Malaysia’s Department of Wildlife and National Parks (PERHILITAN) has since put up warning signs for motorists, is in talks with driving schools to improve drivers’ awareness, and are avocating more wildlife-friendly viaduct crossings to be built at road developments.

Based on a recently published study (Laton et al.), most leopard cat roadkills seem to be on tarmac roads adjacent to areas where there are secondary forest and plantations.

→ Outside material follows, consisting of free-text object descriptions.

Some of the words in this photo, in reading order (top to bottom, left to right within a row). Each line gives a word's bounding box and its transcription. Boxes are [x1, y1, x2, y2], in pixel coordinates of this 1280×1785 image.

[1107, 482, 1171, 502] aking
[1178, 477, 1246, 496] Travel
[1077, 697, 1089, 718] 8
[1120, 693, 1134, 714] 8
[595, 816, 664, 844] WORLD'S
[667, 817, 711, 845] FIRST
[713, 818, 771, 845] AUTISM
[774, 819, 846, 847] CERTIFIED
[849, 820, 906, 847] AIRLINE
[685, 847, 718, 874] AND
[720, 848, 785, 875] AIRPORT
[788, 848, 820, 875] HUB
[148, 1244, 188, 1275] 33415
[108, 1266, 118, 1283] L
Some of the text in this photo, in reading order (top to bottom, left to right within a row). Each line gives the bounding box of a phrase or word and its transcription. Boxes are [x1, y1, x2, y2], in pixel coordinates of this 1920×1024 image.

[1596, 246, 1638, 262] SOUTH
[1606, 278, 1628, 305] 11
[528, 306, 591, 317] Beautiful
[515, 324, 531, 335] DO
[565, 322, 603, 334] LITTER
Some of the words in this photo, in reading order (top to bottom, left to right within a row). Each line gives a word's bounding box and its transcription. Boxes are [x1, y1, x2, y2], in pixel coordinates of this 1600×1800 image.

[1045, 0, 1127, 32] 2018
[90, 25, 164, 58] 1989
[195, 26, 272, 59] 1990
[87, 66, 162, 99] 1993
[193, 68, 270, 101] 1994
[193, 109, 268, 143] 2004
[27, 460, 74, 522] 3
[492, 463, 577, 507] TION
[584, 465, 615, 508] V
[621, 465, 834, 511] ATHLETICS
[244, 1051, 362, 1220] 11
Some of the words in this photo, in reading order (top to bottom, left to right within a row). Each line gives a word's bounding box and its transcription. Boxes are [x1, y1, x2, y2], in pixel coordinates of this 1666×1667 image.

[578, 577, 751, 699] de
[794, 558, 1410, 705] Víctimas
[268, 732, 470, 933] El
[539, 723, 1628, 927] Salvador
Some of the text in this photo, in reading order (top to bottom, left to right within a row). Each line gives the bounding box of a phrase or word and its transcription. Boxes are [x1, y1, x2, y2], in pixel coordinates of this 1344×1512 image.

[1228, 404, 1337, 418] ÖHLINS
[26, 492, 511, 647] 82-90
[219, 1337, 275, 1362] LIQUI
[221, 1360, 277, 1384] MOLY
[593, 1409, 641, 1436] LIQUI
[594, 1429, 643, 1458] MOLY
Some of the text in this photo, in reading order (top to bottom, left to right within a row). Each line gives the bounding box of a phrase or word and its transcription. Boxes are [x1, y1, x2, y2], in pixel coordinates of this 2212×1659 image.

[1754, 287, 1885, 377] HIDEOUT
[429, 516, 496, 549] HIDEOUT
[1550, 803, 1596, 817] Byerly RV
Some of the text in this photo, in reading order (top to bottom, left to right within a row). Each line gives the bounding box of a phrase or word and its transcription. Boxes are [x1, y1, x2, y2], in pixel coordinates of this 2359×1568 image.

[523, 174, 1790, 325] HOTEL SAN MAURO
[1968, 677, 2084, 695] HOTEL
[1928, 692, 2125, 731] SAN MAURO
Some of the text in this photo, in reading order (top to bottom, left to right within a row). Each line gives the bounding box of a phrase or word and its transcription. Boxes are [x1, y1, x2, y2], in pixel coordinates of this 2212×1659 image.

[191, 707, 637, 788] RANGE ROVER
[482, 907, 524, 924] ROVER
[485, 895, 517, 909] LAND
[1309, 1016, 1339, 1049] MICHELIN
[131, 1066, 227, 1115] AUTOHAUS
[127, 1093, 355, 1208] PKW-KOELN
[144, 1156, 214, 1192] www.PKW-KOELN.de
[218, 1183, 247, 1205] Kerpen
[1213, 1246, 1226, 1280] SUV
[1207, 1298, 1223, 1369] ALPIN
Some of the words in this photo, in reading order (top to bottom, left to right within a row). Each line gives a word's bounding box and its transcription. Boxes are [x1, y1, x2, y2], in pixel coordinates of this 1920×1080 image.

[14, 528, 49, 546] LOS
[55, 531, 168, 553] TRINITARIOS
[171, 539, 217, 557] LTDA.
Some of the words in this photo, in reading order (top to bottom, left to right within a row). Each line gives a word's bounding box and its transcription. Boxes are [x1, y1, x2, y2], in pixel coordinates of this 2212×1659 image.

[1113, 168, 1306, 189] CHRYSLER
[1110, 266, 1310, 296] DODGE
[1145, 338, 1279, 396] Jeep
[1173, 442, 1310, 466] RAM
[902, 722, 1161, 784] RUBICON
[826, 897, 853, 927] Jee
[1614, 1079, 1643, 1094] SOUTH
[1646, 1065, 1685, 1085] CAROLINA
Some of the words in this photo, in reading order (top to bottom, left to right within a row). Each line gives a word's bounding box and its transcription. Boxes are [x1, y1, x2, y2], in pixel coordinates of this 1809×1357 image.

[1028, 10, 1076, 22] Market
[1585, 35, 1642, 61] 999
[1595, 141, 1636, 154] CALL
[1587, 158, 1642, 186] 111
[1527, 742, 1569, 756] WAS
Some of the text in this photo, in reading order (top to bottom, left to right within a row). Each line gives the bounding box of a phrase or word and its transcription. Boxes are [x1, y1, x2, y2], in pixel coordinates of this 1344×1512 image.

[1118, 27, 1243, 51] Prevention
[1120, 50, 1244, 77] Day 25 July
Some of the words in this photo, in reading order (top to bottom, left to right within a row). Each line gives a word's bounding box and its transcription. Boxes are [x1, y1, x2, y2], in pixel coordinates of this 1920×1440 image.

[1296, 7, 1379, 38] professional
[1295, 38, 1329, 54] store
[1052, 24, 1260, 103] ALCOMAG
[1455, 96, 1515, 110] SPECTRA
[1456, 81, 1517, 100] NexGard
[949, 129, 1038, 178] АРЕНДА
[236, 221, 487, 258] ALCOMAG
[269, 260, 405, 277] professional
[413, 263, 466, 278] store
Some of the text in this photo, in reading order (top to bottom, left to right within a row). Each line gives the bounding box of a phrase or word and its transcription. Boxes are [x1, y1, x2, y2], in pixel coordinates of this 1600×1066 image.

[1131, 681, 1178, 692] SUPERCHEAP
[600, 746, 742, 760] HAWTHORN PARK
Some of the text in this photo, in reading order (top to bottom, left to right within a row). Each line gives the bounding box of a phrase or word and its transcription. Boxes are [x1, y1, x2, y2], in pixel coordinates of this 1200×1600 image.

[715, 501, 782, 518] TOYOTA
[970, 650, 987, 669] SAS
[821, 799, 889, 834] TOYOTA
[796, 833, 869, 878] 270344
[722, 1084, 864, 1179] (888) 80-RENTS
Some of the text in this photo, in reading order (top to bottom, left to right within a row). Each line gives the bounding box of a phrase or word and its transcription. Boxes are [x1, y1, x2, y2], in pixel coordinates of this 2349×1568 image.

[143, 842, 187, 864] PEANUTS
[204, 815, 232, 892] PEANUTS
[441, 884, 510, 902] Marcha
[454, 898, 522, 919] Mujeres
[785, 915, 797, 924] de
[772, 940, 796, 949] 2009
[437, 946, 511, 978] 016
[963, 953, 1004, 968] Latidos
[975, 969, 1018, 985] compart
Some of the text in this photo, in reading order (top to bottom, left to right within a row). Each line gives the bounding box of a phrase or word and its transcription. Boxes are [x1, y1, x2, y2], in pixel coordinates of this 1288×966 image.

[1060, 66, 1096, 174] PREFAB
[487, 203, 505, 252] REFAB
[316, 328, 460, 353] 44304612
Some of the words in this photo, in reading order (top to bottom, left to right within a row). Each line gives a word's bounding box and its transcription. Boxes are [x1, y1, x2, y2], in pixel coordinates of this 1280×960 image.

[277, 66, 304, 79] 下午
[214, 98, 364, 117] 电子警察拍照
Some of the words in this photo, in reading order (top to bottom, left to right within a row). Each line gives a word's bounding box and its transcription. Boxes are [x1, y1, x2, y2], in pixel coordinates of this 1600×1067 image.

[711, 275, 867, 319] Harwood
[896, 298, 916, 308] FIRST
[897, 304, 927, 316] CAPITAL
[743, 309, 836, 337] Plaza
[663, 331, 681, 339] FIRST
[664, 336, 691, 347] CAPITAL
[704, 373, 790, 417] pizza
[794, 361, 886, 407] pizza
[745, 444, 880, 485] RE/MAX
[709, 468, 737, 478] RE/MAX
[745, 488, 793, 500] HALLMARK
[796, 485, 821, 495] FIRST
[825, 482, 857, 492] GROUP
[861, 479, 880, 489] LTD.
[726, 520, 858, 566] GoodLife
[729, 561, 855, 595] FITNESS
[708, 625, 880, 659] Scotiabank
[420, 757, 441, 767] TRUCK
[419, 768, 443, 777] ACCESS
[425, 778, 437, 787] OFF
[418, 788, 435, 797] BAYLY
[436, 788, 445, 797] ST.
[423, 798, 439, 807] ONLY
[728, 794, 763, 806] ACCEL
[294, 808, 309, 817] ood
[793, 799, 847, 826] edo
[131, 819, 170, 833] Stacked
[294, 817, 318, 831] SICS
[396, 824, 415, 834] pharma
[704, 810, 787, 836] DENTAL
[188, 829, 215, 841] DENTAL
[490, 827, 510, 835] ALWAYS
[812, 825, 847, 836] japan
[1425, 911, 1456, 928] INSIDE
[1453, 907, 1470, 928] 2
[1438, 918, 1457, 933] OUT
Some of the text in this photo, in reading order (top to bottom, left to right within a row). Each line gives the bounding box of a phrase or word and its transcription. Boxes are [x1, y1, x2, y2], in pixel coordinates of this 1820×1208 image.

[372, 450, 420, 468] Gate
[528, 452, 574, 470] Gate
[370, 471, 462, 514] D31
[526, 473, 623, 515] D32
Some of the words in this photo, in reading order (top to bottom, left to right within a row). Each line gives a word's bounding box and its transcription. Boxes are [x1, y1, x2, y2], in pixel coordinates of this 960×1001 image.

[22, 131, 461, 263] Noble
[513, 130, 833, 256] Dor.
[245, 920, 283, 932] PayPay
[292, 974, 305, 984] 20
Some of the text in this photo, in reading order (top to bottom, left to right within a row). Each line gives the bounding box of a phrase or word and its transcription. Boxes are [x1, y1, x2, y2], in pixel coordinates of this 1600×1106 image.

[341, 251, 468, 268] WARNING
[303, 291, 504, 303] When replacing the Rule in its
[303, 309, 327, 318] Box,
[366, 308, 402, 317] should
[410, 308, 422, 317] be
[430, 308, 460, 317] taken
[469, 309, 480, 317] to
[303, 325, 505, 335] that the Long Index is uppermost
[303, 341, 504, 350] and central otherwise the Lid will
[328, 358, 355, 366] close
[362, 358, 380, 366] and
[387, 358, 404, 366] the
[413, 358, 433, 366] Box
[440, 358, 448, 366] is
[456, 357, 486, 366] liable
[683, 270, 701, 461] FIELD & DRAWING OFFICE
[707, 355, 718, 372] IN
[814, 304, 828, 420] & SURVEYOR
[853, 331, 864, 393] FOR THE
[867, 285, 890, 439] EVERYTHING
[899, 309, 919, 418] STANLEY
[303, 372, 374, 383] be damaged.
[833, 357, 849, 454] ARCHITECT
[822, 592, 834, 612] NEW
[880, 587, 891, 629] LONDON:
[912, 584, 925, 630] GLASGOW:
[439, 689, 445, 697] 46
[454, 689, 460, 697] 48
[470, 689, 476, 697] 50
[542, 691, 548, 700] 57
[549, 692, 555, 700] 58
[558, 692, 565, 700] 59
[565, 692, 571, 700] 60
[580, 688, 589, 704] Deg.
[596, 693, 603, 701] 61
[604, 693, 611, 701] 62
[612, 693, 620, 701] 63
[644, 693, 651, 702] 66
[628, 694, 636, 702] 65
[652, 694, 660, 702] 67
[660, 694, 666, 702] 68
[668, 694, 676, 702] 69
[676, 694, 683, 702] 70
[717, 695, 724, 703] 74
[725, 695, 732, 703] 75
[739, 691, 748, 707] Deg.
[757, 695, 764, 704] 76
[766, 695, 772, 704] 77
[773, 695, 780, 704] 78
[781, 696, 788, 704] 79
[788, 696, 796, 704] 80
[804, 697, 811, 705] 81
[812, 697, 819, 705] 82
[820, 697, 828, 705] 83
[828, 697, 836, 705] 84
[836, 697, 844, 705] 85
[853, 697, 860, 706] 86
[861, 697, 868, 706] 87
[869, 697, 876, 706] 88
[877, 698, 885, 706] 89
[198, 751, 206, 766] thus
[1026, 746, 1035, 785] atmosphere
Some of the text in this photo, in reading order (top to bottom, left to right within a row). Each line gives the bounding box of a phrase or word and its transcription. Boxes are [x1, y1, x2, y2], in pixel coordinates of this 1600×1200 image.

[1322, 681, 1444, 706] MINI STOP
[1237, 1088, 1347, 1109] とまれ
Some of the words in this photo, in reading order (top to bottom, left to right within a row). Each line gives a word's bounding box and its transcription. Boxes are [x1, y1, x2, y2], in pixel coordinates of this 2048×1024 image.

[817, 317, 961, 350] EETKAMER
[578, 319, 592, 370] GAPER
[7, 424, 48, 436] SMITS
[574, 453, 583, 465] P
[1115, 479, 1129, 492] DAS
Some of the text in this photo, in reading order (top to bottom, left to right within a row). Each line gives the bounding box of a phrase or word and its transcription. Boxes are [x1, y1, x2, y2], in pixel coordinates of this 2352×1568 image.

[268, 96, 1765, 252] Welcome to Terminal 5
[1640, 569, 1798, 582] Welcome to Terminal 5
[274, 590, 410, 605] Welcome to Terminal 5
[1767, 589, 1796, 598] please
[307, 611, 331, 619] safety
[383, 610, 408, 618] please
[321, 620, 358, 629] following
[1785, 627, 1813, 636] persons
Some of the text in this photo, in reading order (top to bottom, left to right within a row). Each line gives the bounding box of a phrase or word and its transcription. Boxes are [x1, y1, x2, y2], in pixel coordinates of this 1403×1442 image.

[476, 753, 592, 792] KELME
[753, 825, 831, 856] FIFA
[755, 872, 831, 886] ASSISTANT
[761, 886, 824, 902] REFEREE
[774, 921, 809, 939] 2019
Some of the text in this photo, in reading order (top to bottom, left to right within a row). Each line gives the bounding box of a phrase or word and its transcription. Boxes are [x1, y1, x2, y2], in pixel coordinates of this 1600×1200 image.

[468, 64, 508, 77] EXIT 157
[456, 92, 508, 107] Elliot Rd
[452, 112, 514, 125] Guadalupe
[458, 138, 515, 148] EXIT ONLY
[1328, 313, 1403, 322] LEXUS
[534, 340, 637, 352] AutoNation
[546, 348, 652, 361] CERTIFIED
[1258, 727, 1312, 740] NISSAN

One reason for this is that leopard cats, like many carnivorans, seem to be fond of roads near forested areas. Perhaps this is because it is easier to travel, find, and catch prey along roads. However, this put them right in harms way, and many end up as roadkill.

Road mortality is not just a problem for the leopard cat but also wildlife in general. But it is an issue that can only be effectively solved with multiple decision makers. Signs in Singapore and Malaysia show that this is coming together. Hopefully, with sound science-based decisions for policy planning and roadkill mitigation, wildlife roadkills would not exacerbate the ongoing biodiversity crisis in Southeast Asia.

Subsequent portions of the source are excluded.